(About this exercise) Output only the stretch of the listing that starts at the line containing "this 1440×675 image." and ends at the line containing "this 1200×1600 image.", reproduced exactly with both ends.
---------- Given information ----------
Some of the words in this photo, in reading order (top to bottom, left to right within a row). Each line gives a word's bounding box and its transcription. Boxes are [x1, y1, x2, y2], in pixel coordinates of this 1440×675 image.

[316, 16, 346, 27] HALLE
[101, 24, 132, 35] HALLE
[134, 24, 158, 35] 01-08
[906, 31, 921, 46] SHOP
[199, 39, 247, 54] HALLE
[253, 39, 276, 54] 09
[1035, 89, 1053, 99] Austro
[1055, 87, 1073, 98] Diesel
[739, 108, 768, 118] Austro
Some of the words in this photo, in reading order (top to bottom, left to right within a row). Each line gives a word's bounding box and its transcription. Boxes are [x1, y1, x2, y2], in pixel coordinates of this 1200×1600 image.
----------
---------- Given information ----------
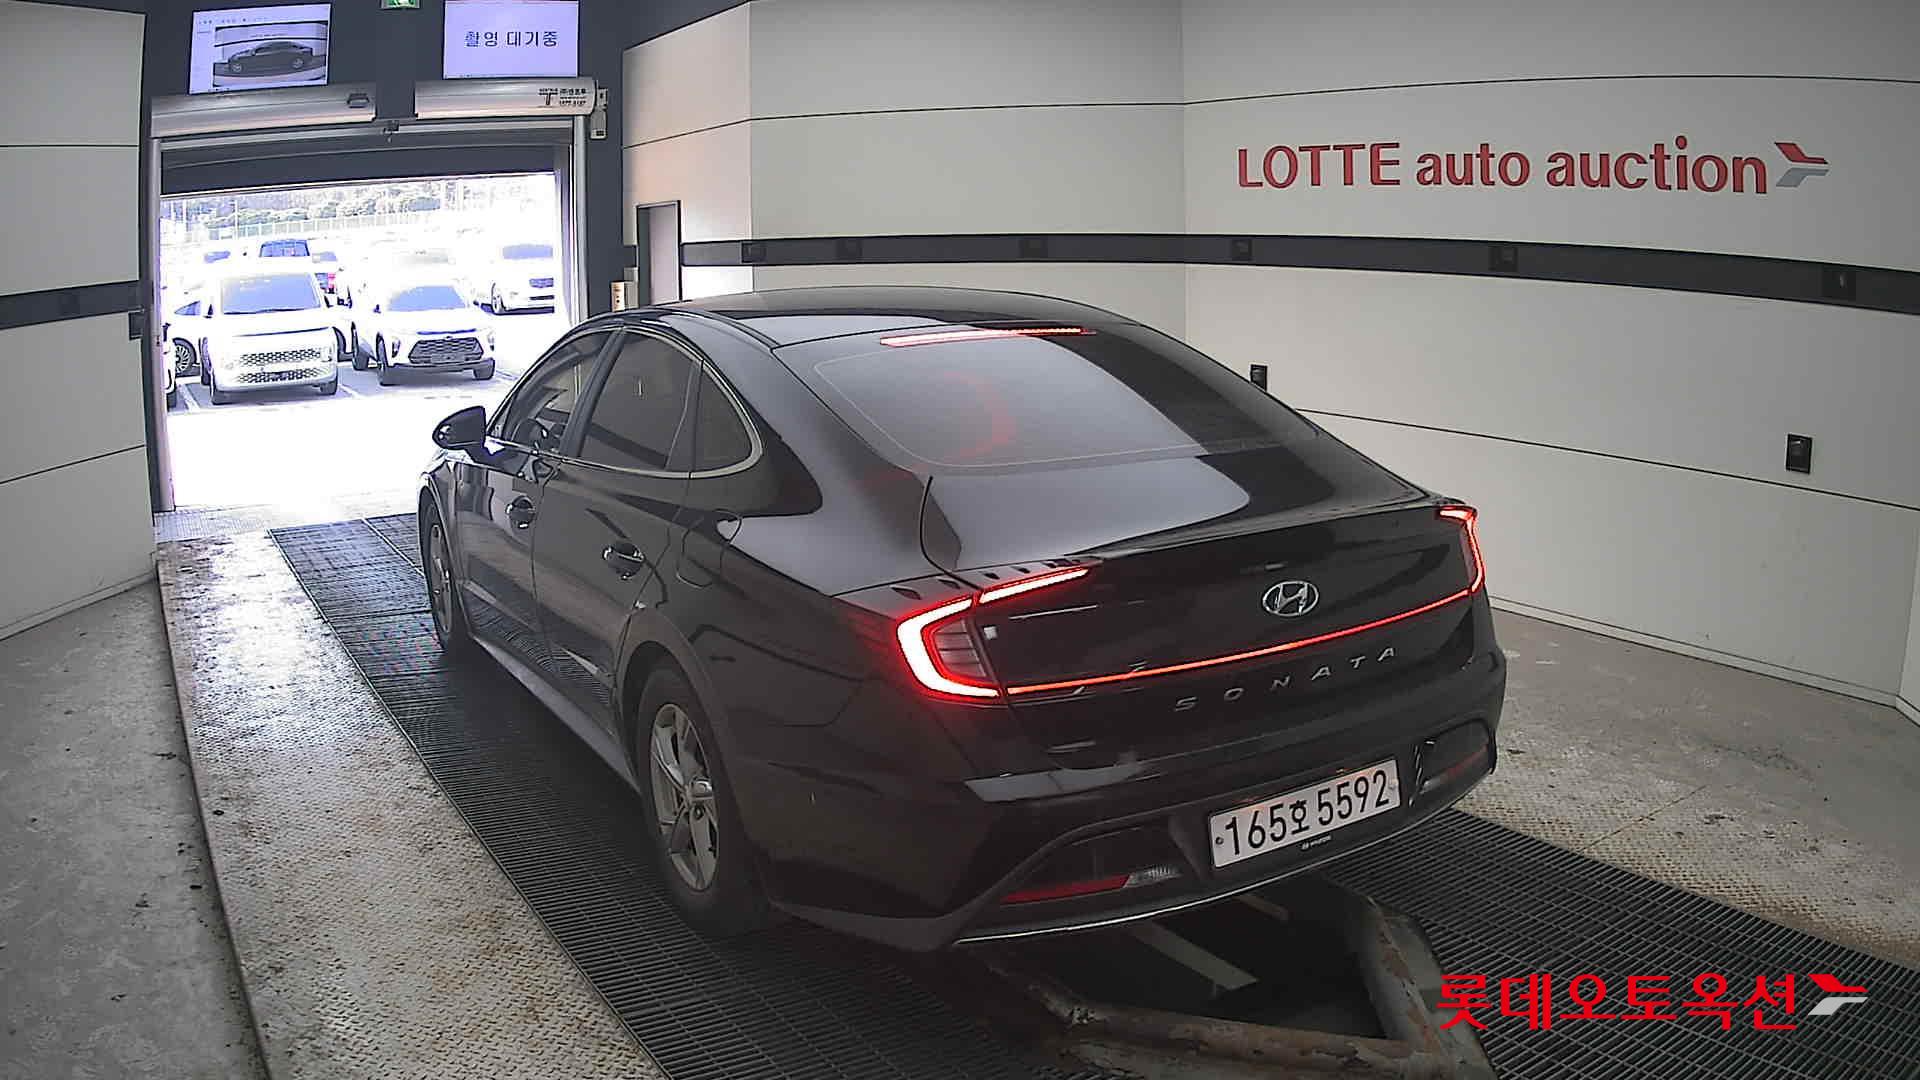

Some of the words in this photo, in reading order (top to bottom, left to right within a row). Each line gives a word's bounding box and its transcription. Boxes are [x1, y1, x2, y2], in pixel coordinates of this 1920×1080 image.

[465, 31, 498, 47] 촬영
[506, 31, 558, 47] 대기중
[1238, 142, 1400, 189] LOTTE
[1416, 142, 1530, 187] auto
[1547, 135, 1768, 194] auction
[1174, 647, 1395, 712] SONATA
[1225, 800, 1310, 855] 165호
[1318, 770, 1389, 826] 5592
----------
---------- Given information ----------
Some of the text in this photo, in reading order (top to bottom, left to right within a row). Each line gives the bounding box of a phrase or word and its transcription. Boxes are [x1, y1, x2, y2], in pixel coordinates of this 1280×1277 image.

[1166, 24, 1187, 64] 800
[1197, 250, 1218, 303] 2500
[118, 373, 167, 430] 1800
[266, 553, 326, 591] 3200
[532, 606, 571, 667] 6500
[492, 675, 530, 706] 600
----------
(Solved problem)
Some of the words in this photo, in reading order (top to bottom, left to right within a row). Each line gives a word's bounding box and its transcription. Boxes are [x1, y1, x2, y2], in pixel coordinates of this 1440×675 image.

[316, 16, 346, 27] HALLE
[101, 24, 132, 35] HALLE
[134, 24, 158, 35] 01-08
[906, 31, 921, 46] SHOP
[199, 39, 247, 54] HALLE
[253, 39, 276, 54] 09
[1035, 89, 1053, 99] Austro
[1055, 87, 1073, 98] Diesel
[739, 108, 768, 118] Austro
Some of the words in this photo, in reading order (top to bottom, left to right within a row). Each line gives a word's bounding box and its transcription. Boxes are [x1, y1, x2, y2], in pixel coordinates of this 1200×1600 image.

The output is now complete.